Vancouver Indie Alt-Rockers Leisure Club Channel Talking Heads With Unique New Track ‘I Want To Go Back’

In 2016, a curious event occurred in Vancouver, Canada: the five members of indie rock group Leisure Club came together and began creating music that would fit perfectly on the soundtrack to a lazy river. 

Between 2016 and 2017, the act released a few singles, finding the most success with the laid back verses and groovy choruses of “22,” all leading up to their self-titled debut album in 2017. The 10-track project showcased rich vocals, powerful drum grooves, and fun guitar licks, and it captured a fanbase that was left wanting more from this unique new band. 

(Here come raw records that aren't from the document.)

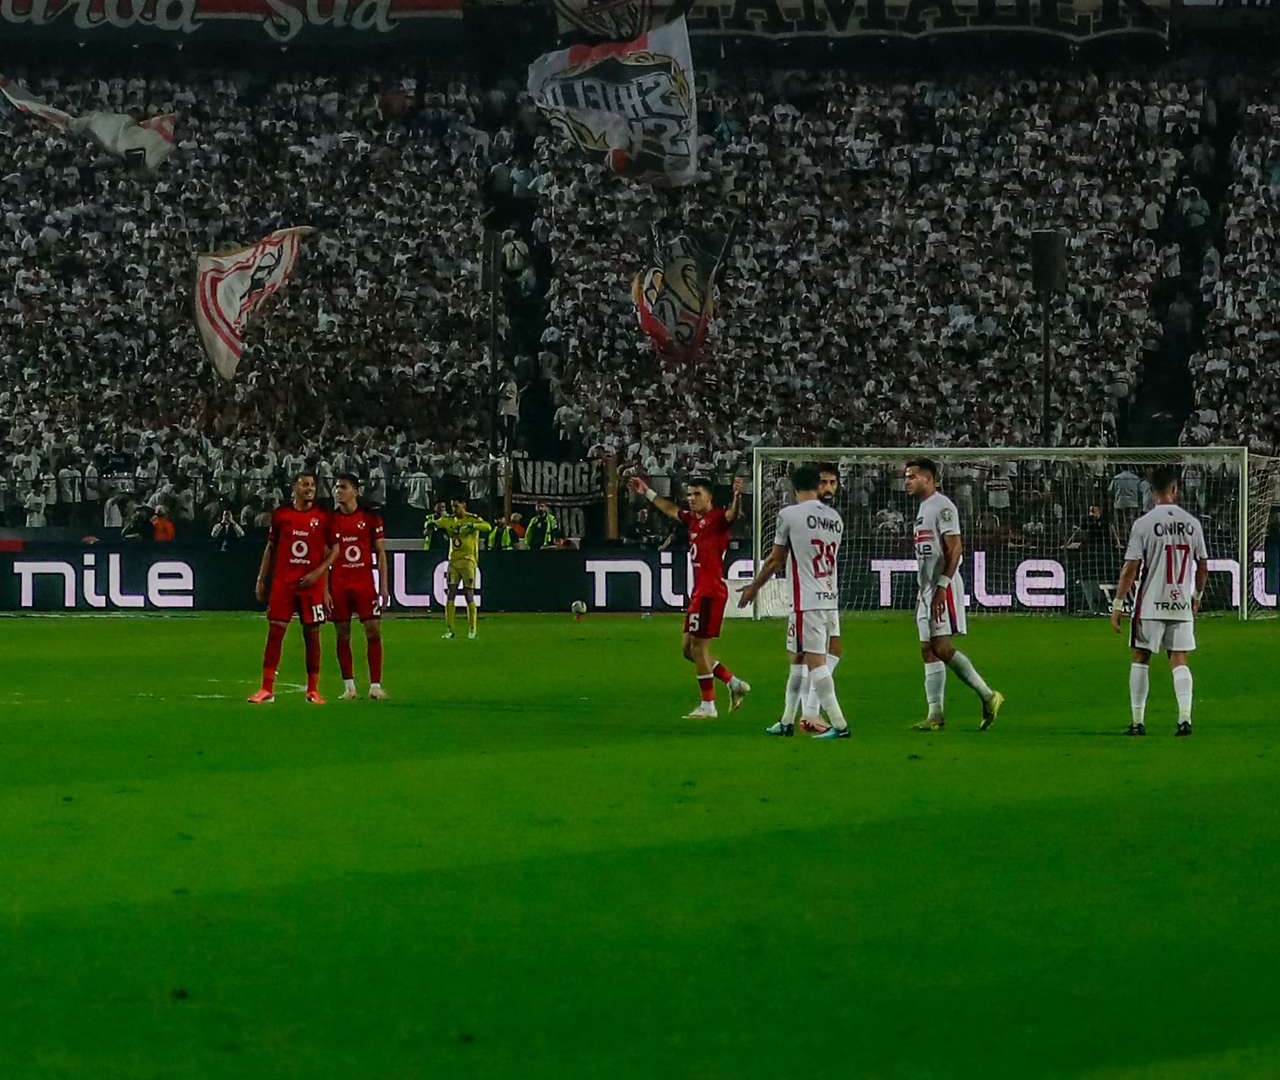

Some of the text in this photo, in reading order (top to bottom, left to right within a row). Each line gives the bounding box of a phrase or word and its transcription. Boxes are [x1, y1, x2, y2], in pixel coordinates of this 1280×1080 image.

[517, 459, 602, 495] VIRAGE
[1153, 522, 1194, 537] ONIRO
[12, 552, 195, 608] nile
[871, 551, 1066, 607] nle
[1164, 544, 1191, 585] 17
[312, 604, 325, 622] 15
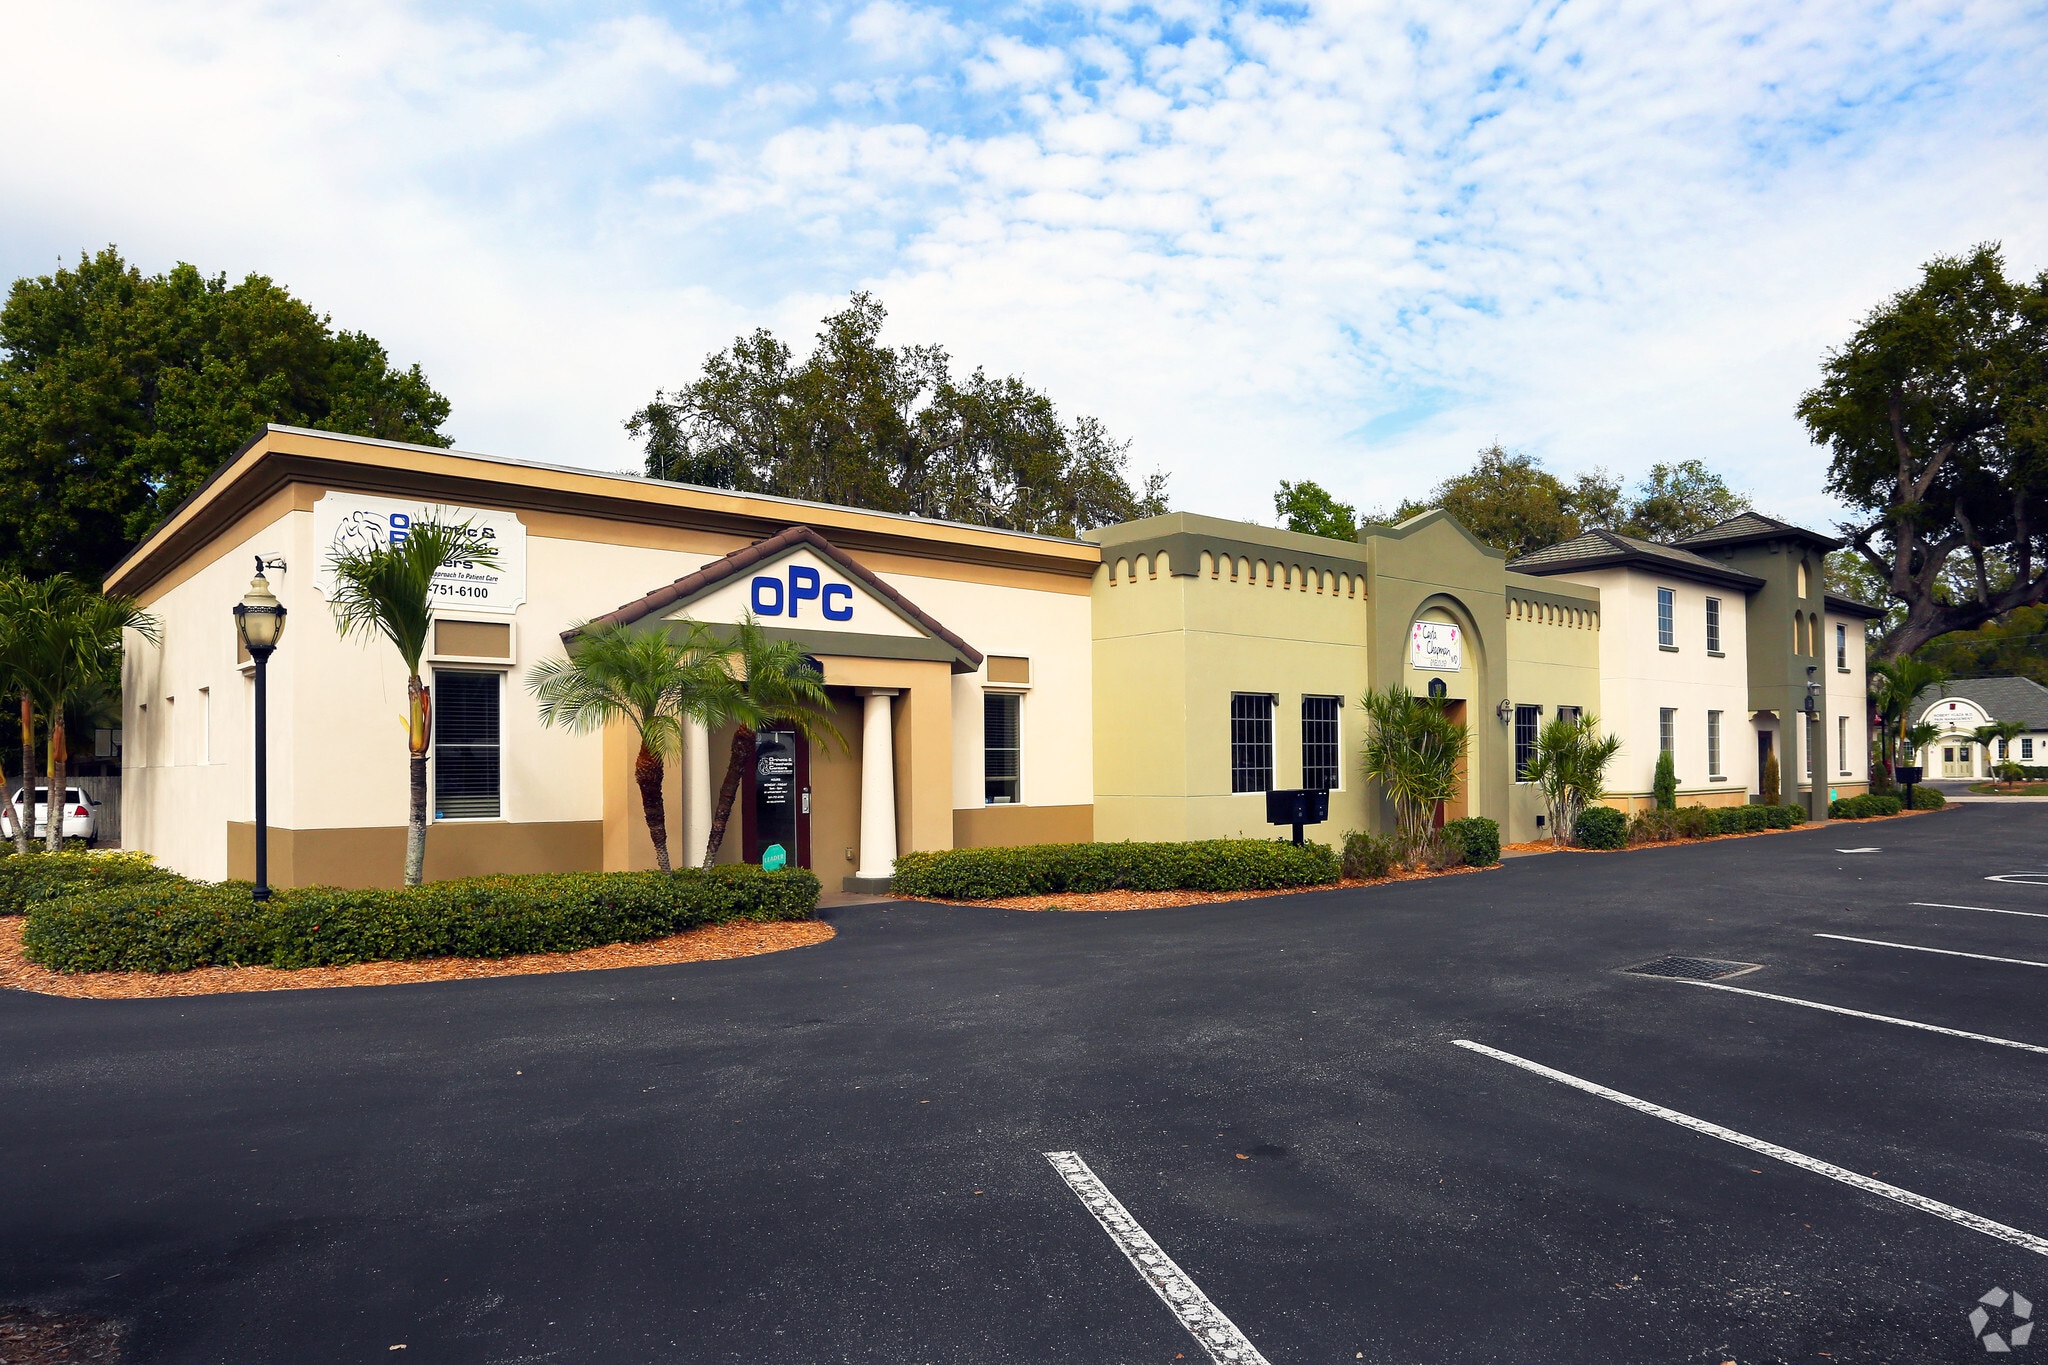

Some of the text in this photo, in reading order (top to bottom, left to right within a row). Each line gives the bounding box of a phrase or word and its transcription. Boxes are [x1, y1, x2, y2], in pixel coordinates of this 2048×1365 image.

[482, 527, 496, 539] &
[434, 571, 457, 579] pproach
[465, 573, 485, 581] Patient
[486, 574, 499, 582] Care
[429, 584, 488, 598] -751-6100

Following the album’s release, Leisure Club hit the road and went on tour both opening for Toronto artist Weaves, as well as headlining around British Columbia and Alberta. The band has since delivered multiple singles that provide a sound that’s both familiar yet also evolved and refined, such as the gritty track “Dirt,” and the more toned-down and lush, “I Want You in the Dark.” However, the act has shared their interest in introducing new sounds and textures to their audience, and with their most recent release “I Want to Go Back,” they successfully accomplish that introduction. 

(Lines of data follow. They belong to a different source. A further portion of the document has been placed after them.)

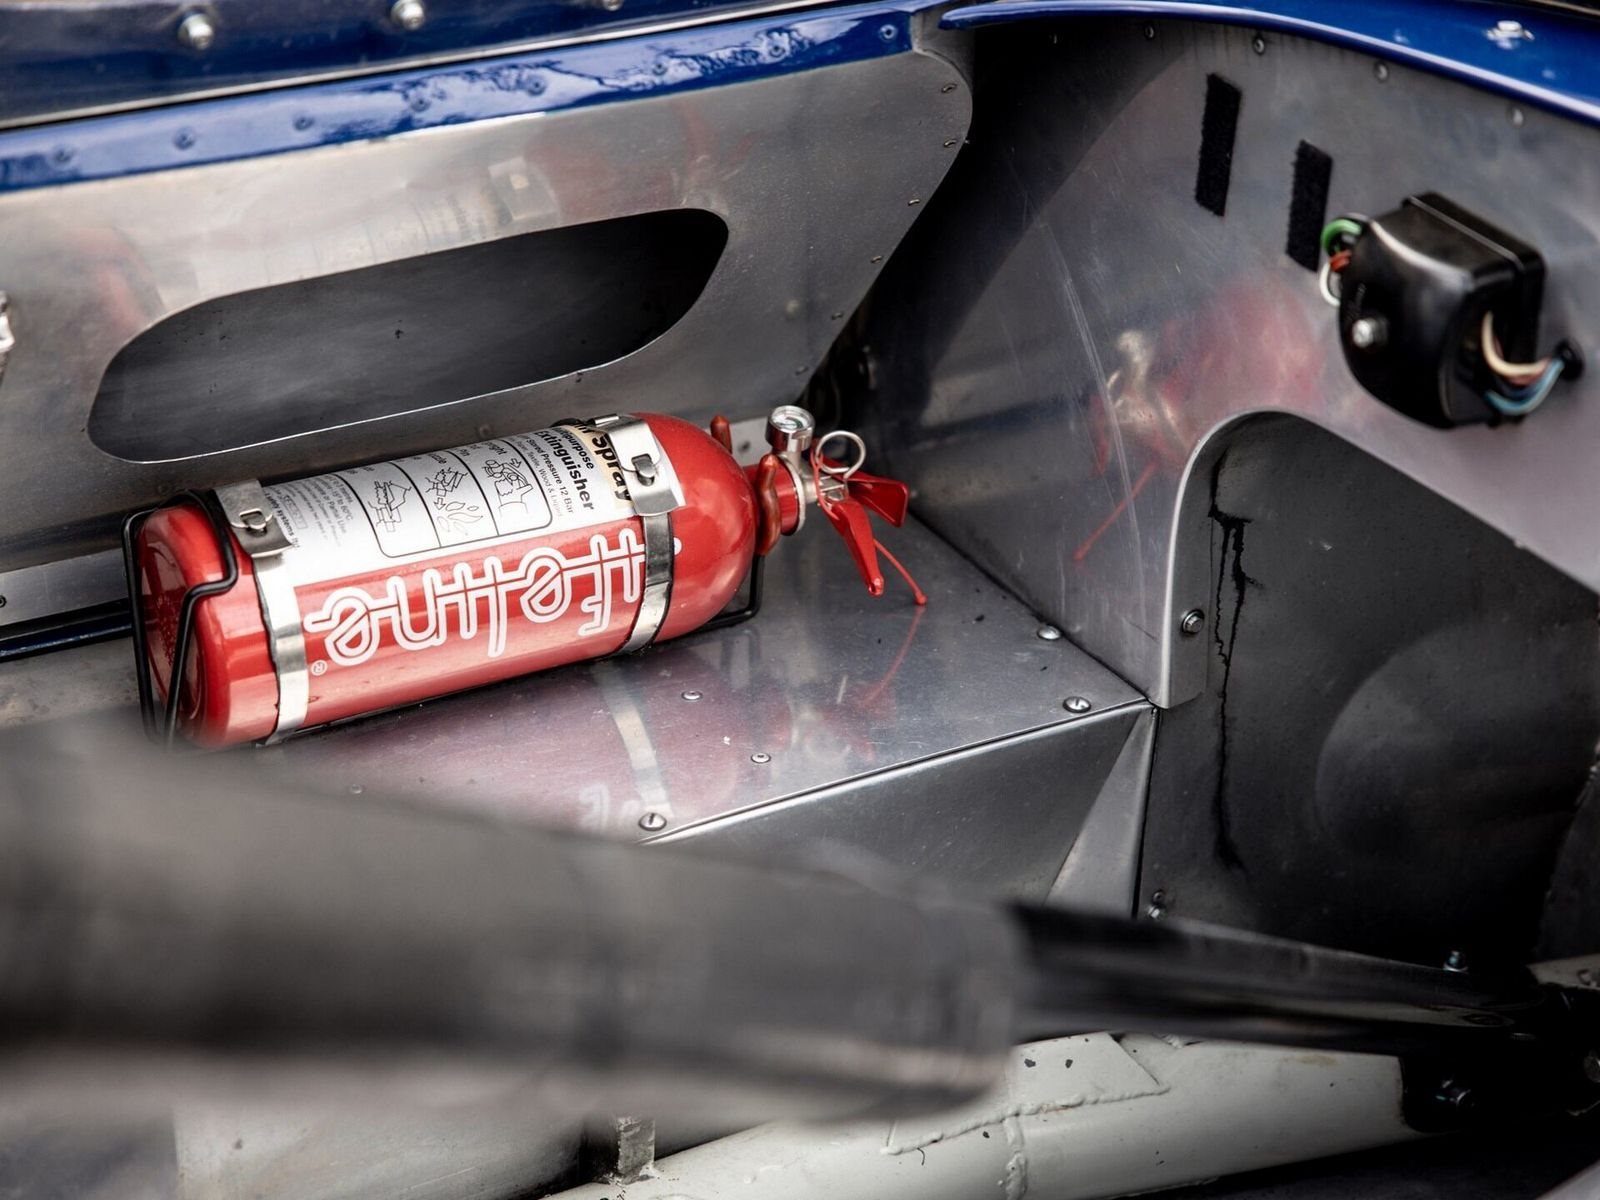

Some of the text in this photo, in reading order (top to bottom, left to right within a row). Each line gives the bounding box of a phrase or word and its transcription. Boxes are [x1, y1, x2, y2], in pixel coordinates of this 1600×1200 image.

[533, 430, 595, 510] Extinguisher
[539, 468, 552, 487] Wood
[540, 452, 562, 484] Pressure
[559, 485, 569, 496] 12
[563, 496, 574, 513] Bar
[276, 509, 295, 536] systems

The frantic and energetic instrumental comes together with the manic vocals to create a sound similar to dare I say a modern Talking Heads. The track was created completely remote and separately due to the pandemic, which is reflected in the unique nature of each part: every instrument is doing its own thing. The listener would never be able to tell that this was the method of creation, though, for every component molds into a cohesive and clean recording. 

The loose structure, with each section flowing right into the next, makes it an infectious song that’s built for repeated listening. One may think each repetition would diminish the shine of the song; however, each listen highlights something new and the listener finds themselves constantly recognizing different elements. The driving synth and heavy-yet-articulate drum beat accompanied by the spacey guitar and lead lines build an addictive sonic funhouse.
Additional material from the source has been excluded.